What is your strongest food memory?
“My grandmother used to make a horseradish dish called chrzan. We’d all bring horseradish grown in our backyard to her kitchen, and she would cook it up, making the kitchen uninhabitable, except for a couple of relatives and friends who could stand the vapor from the grated horseradish. She’d produce these huge canning jars that each family would take home, and we would end the day with a huge picnic in the backyard.
I’m also a big believer in the power of everyday events. My wife loves cooking. I learned that when she’s content she starts humming under her breath. She almost always does that when she is dealing with food. Anytime my wife has ever cooked is also a very strong food memory.”
Have any particular authors, articles or documentaries had a significant impact on you? Which one(s)?
“The Limits to Growth by Meadows, Meadows and Randers changed my life in 1972. I was in engineering school when it came out and we too were doing extremely early modeling. I read it and thought, ‘Wow that’s going to change the world and the way we view the future.’ It certainly changed my life.

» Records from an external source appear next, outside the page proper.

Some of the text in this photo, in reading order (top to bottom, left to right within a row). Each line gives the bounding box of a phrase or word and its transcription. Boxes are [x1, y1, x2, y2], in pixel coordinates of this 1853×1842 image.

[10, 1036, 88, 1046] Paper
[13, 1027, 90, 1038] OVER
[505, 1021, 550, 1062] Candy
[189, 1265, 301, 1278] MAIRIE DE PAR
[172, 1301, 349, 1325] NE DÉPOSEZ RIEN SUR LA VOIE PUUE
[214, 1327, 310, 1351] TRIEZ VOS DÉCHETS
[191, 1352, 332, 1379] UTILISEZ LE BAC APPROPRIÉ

I later read Wendell Berry’s Unsettling of America, which was the point where I made the shift to exploring agriculturally supported communities and agrarian lifestyles. I realized that I had been brought up in a family and a field-of-study (engineering) that considered the past as having nothing to teach us, not in any way useful as a model for the future. Berry showed me that parts of the past, if carefully used, could be a model of the future.There were elements of how we once lived that made more sense than how we were currently living.
Donella Meadows, one of the authors of the original Limits to Growth, wrote a piece in 1994 called “Envisioning a Sustainable World.” about the importance of envisioning where you want to be. Envisioning is not a skill often taught in the academic world, we focus almost exclusively on the process of problem definition and problem solution, but her thoughts shifted my perspective to a future-driven approach. Psychology develops this under the notion of prospection.”
What’s your vision of an equitable, healthy, and sustainable food system?
“I’m always thinking about this question, what kind of world do I want for my grandkids, Lucy and Jude? I’d like a world in which sustainability, health, equity, and justice are so integrated into everyday living that we hardly have a need for those words. We will have crafted a sustainable food system that has elements that are local, regional, national, and international, but to them just seems normal. My shorthand for this vision is the well fed neighbor, using the broadest meaning of those words. We also will have figured out how to live well on a finite planet, without the hubris of assuming that we can continuously invent ever more clever ways of extracting non-renewable resources from its crust. I don’t want such a false premise to be their worldview. I instead envision a future that cleverly weaves together an updated version of an agrarian lifestyle with the reality of the limits-to-growth argument.
What classes do you teach?
“In the fall term I teach Environmental Psychology (EAS 560 and ENV 360) and Localization (EAS 564 and ENV 462). In the winter term I teach Psychology of Environmental Stewardship (EAS 561 and ENV 361).”
Raymond De Young is an Associate Professor of Environmental Psychology and Planning at the School for Environment and Sustainability (SEAS), and the Program in the Environment (PitE). He is also a Faculty Associate at the Matthaei Botanical Gardens & Nichols Arboretum, a Faculty Affiliate for the Graham Sustainability Institute, and a Faculty Affiliate of the UM Sustainable Food Systems Initiative. He periodically posts at LocalizationPapers.org.